Given records: Begin

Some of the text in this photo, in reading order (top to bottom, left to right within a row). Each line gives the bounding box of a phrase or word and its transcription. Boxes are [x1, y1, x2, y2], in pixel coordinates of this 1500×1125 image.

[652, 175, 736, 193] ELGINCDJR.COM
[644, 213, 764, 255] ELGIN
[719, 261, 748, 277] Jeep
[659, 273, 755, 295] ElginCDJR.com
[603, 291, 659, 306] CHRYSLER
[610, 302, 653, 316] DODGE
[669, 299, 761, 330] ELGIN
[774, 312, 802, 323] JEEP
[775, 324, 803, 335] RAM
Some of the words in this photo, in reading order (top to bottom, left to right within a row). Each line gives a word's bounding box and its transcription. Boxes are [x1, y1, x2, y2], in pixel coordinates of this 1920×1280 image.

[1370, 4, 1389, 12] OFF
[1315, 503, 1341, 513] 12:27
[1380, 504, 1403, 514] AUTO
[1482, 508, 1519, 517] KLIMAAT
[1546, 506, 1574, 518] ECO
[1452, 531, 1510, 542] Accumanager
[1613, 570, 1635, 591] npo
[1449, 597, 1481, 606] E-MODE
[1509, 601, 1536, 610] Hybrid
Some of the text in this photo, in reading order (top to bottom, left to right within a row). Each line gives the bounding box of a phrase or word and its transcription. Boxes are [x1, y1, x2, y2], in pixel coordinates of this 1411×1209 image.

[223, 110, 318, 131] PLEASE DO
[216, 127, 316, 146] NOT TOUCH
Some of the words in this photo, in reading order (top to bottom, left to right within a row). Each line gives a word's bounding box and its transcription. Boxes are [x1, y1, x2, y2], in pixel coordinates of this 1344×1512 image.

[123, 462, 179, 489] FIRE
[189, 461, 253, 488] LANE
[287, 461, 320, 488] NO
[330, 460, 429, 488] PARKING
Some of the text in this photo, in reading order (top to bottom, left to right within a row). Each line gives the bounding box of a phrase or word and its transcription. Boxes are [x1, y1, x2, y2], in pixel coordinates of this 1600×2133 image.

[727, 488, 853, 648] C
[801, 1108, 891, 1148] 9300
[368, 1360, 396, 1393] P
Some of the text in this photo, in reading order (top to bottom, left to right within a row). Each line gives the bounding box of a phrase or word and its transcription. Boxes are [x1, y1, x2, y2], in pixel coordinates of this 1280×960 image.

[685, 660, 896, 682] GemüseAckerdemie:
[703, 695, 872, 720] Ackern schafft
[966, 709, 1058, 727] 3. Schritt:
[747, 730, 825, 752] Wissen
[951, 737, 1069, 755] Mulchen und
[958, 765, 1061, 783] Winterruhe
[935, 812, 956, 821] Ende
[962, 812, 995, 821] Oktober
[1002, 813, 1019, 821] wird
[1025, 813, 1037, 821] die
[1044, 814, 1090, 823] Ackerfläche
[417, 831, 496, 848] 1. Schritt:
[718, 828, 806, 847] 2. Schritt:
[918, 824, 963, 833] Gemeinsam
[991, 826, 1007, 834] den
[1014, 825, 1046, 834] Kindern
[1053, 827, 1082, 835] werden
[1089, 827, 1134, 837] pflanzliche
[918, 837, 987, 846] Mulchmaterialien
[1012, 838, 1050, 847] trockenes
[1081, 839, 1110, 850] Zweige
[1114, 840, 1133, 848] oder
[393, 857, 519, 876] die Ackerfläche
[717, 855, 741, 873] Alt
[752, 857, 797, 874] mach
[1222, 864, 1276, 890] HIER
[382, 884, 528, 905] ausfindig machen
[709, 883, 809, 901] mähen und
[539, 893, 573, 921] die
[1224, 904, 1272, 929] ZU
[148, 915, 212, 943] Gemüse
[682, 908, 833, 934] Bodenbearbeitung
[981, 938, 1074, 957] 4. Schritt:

Given records: End

Your goal » Reply with the complete data above, every character as it stands.

Problem solution »
Some of the text in this photo, in reading order (top to bottom, left to right within a row). Each line gives the bounding box of a phrase or word and its transcription. Boxes are [x1, y1, x2, y2], in pixel coordinates of this 1500×1125 image.

[652, 175, 736, 193] ELGINCDJR.COM
[644, 213, 764, 255] ELGIN
[719, 261, 748, 277] Jeep
[659, 273, 755, 295] ElginCDJR.com
[603, 291, 659, 306] CHRYSLER
[610, 302, 653, 316] DODGE
[669, 299, 761, 330] ELGIN
[774, 312, 802, 323] JEEP
[775, 324, 803, 335] RAM
Some of the words in this photo, in reading order (top to bottom, left to right within a row). Each line gives a word's bounding box and its transcription. Boxes are [x1, y1, x2, y2], in pixel coordinates of this 1920×1280 image.

[1370, 4, 1389, 12] OFF
[1315, 503, 1341, 513] 12:27
[1380, 504, 1403, 514] AUTO
[1482, 508, 1519, 517] KLIMAAT
[1546, 506, 1574, 518] ECO
[1452, 531, 1510, 542] Accumanager
[1613, 570, 1635, 591] npo
[1449, 597, 1481, 606] E-MODE
[1509, 601, 1536, 610] Hybrid
Some of the text in this photo, in reading order (top to bottom, left to right within a row). Each line gives the bounding box of a phrase or word and its transcription. Boxes are [x1, y1, x2, y2], in pixel coordinates of this 1411×1209 image.

[223, 110, 318, 131] PLEASE DO
[216, 127, 316, 146] NOT TOUCH
Some of the words in this photo, in reading order (top to bottom, left to right within a row). Each line gives a word's bounding box and its transcription. Boxes are [x1, y1, x2, y2], in pixel coordinates of this 1344×1512 image.

[123, 462, 179, 489] FIRE
[189, 461, 253, 488] LANE
[287, 461, 320, 488] NO
[330, 460, 429, 488] PARKING
Some of the text in this photo, in reading order (top to bottom, left to right within a row). Each line gives the bounding box of a phrase or word and its transcription. Boxes are [x1, y1, x2, y2], in pixel coordinates of this 1600×2133 image.

[727, 488, 853, 648] C
[801, 1108, 891, 1148] 9300
[368, 1360, 396, 1393] P
Some of the text in this photo, in reading order (top to bottom, left to right within a row). Each line gives the bounding box of a phrase or word and its transcription. Boxes are [x1, y1, x2, y2], in pixel coordinates of this 1280×960 image.

[685, 660, 896, 682] GemüseAckerdemie:
[703, 695, 872, 720] Ackern schafft
[966, 709, 1058, 727] 3. Schritt:
[747, 730, 825, 752] Wissen
[951, 737, 1069, 755] Mulchen und
[958, 765, 1061, 783] Winterruhe
[935, 812, 956, 821] Ende
[962, 812, 995, 821] Oktober
[1002, 813, 1019, 821] wird
[1025, 813, 1037, 821] die
[1044, 814, 1090, 823] Ackerfläche
[417, 831, 496, 848] 1. Schritt:
[718, 828, 806, 847] 2. Schritt:
[918, 824, 963, 833] Gemeinsam
[991, 826, 1007, 834] den
[1014, 825, 1046, 834] Kindern
[1053, 827, 1082, 835] werden
[1089, 827, 1134, 837] pflanzliche
[918, 837, 987, 846] Mulchmaterialien
[1012, 838, 1050, 847] trockenes
[1081, 839, 1110, 850] Zweige
[1114, 840, 1133, 848] oder
[393, 857, 519, 876] die Ackerfläche
[717, 855, 741, 873] Alt
[752, 857, 797, 874] mach
[1222, 864, 1276, 890] HIER
[382, 884, 528, 905] ausfindig machen
[709, 883, 809, 901] mähen und
[539, 893, 573, 921] die
[1224, 904, 1272, 929] ZU
[148, 915, 212, 943] Gemüse
[682, 908, 833, 934] Bodenbearbeitung
[981, 938, 1074, 957] 4. Schritt:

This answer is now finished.